The lending picture is about as constrained as it gets. Availability has been at or near zero for virtually every session since late March — every share in the pool is already lent out, matching the 52-week maximum. That tightness has driven cost to borrow back up to 11.5%, more than double where it was two weeks ago, though notably down from the peak above 33% seen in mid-April. Short interest itself is running at 14.3% of the free float, up roughly 8% over the past month, placing LCID in the second percentile of the ORTEX universe by short-score rank. The ORTEX short score is 76.3 — a reading that has held in a narrow band all month, suggesting the bearish positioning is well-established rather than freshly building.

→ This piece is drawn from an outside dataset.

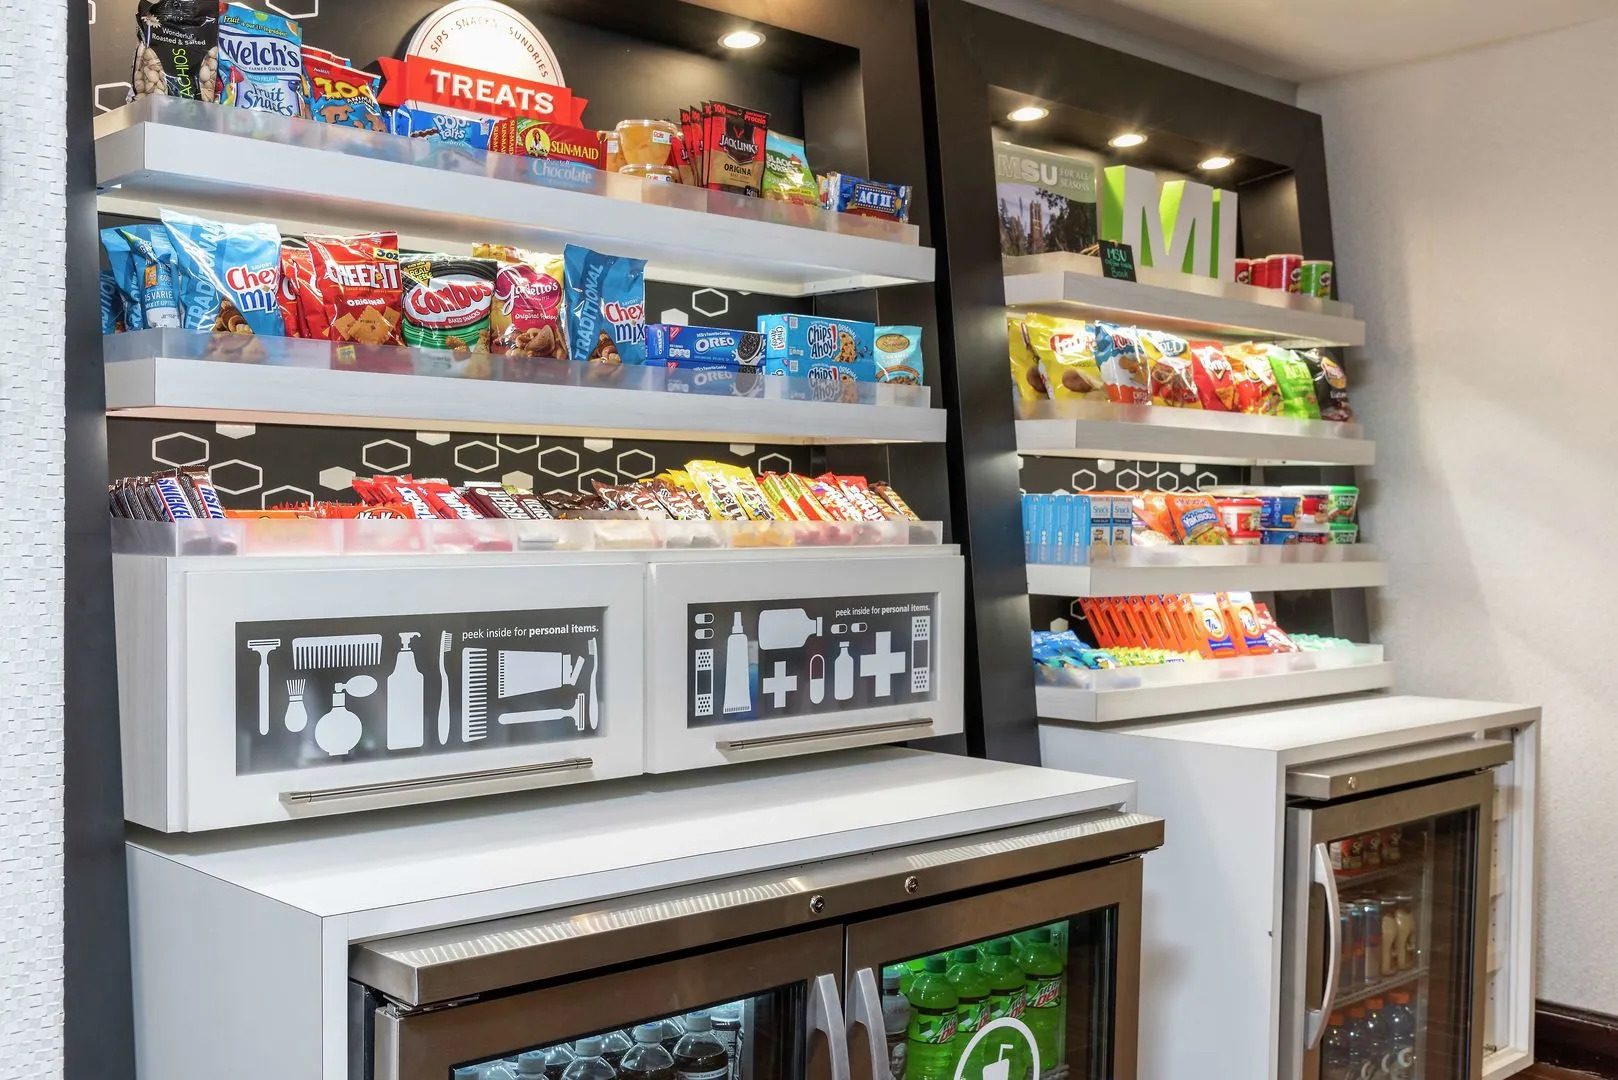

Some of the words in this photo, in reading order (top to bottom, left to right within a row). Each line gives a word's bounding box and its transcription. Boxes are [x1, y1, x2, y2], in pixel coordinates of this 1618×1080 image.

Options traders are less extreme than the borrow market implies. The put/call ratio is 1.40, modestly below its 20-day average of 1.50 — making this one of the less defensively positioned sessions of the past month. The z-score of -0.63 puts options sentiment slightly on the constructive side of neutral, a contrast worth noting given how fully the lending market is stretched. The stock itself closed at $6.25, down nearly 37% over the past month, but recovered 6.5% on the week — a bounce that came alongside the slight easing in put demand.
The analyst community is divided in direction. Cantor Fitzgerald reiterated Neutral with a $14 target just two days ago. TD Cowen cut its target to $10 from $19 in mid-April while holding at Hold. Citigroup, which initiated coverage in March with a Buy and a $17 target, represents the bull camp — its thesis rests on the Gravity SUV launch, a midsize platform due in the second half of 2026, and a robotaxi partnership with Uber (which now holds a 10.4% stake). Bears point to a deeply negative gross margin — around negative 105% as of Q2 2025 — persistent supply chain exposure, and the removal of the EV tax credit. Saudi Arabia's Public Investment Fund remains the anchor shareholder at 48.7%, providing financial runway that bulls lean on and that bears view as the primary reason dilution risk remains elevated.
The Q1 print will test whether Gravity demand is translating into a gross margin trajectory that gives investors a credible path out of the current loss profile — or whether the cost structure remains as punishing as it was in mid-2025.